WORK INSTRUCTION:
Without including any image, retype the records word for word.

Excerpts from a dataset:
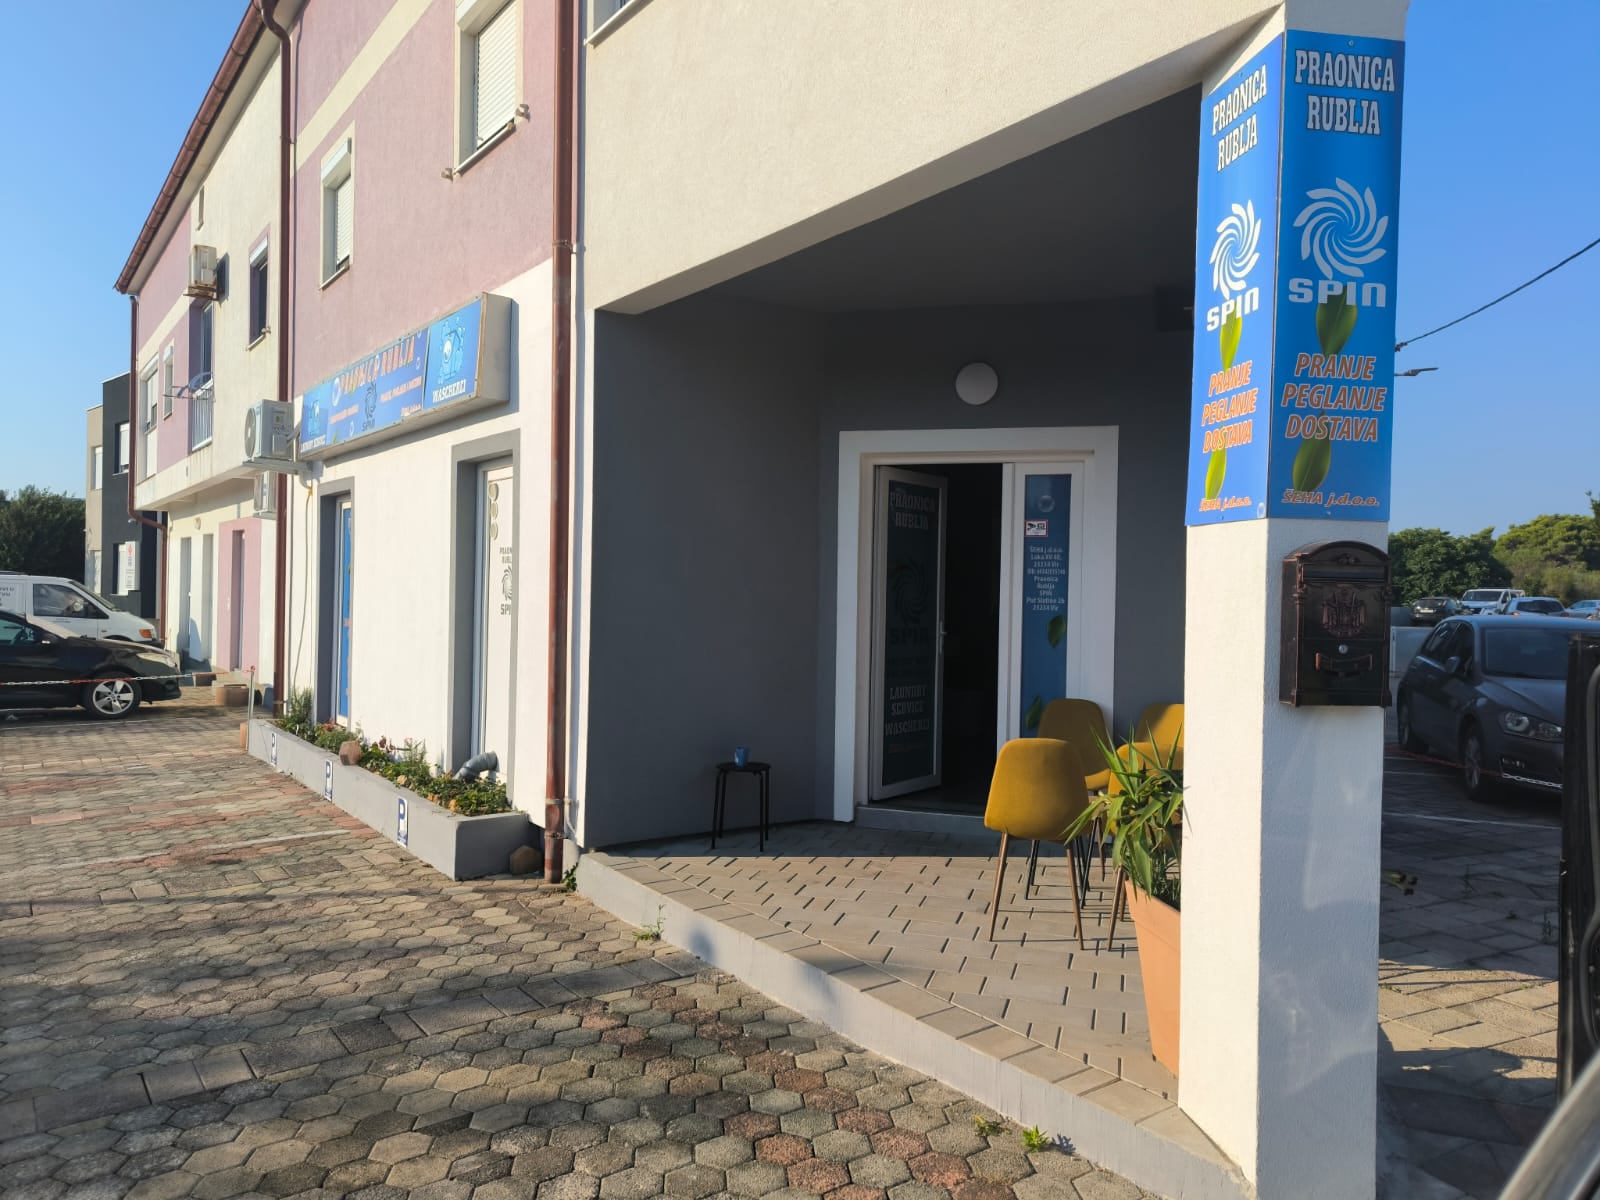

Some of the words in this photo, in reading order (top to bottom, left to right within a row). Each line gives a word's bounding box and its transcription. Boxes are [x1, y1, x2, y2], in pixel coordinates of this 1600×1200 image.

[1294, 49, 1396, 92] PRAONICA
[1212, 64, 1267, 136] PRAONICA
[1306, 95, 1381, 135] RUBLJA
[1217, 114, 1258, 172] RUBLJA
[1208, 360, 1253, 397] PRANJE
[1294, 352, 1377, 380] PRANJE
[1201, 388, 1259, 426] PEGLANJE
[1281, 383, 1388, 411] PEGLANJE
[1203, 419, 1253, 454] DOSTAVA
[1284, 415, 1379, 442] DOSTAVA
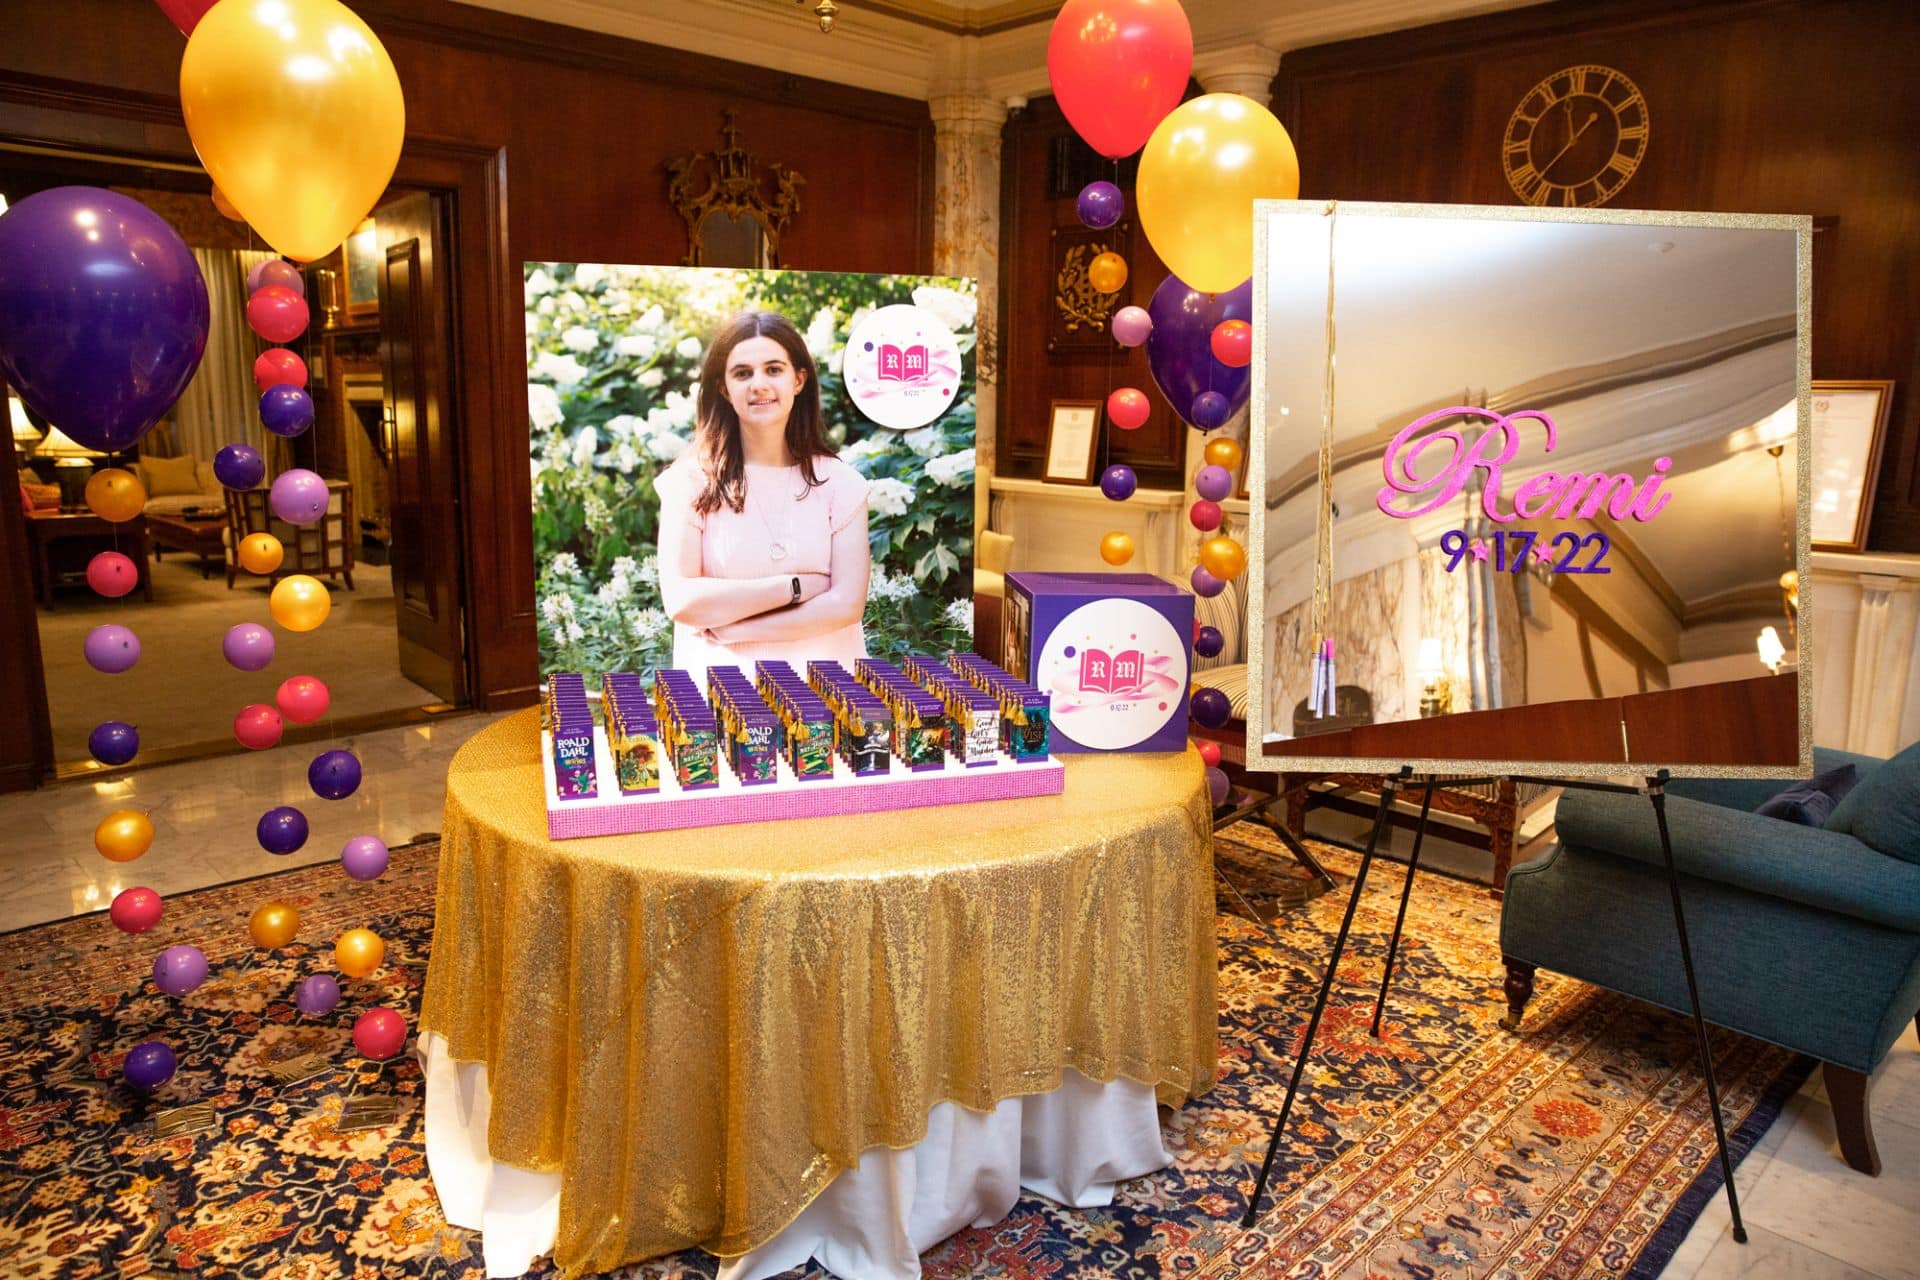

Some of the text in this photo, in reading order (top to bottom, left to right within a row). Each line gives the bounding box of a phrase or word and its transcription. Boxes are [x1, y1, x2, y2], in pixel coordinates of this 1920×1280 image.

[1376, 406, 1673, 524] Remi
[746, 726, 773, 737] OALD
[557, 737, 590, 749] ROALD
[560, 747, 589, 758] DAHL

WRITTEN ANSWER:
Some of the words in this photo, in reading order (top to bottom, left to right within a row). Each line gives a word's bounding box and its transcription. Boxes are [x1, y1, x2, y2], in pixel coordinates of this 1600×1200 image.

[1294, 49, 1396, 92] PRAONICA
[1212, 64, 1267, 136] PRAONICA
[1306, 95, 1381, 135] RUBLJA
[1217, 114, 1258, 172] RUBLJA
[1208, 360, 1253, 397] PRANJE
[1294, 352, 1377, 380] PRANJE
[1201, 388, 1259, 426] PEGLANJE
[1281, 383, 1388, 411] PEGLANJE
[1203, 419, 1253, 454] DOSTAVA
[1284, 415, 1379, 442] DOSTAVA

Some of the text in this photo, in reading order (top to bottom, left to right within a row). Each line gives the bounding box of a phrase or word and its transcription. Boxes are [x1, y1, x2, y2], in pixel coordinates of this 1920×1280 image.

[1376, 406, 1673, 524] Remi
[746, 726, 773, 737] OALD
[557, 737, 590, 749] ROALD
[560, 747, 589, 758] DAHL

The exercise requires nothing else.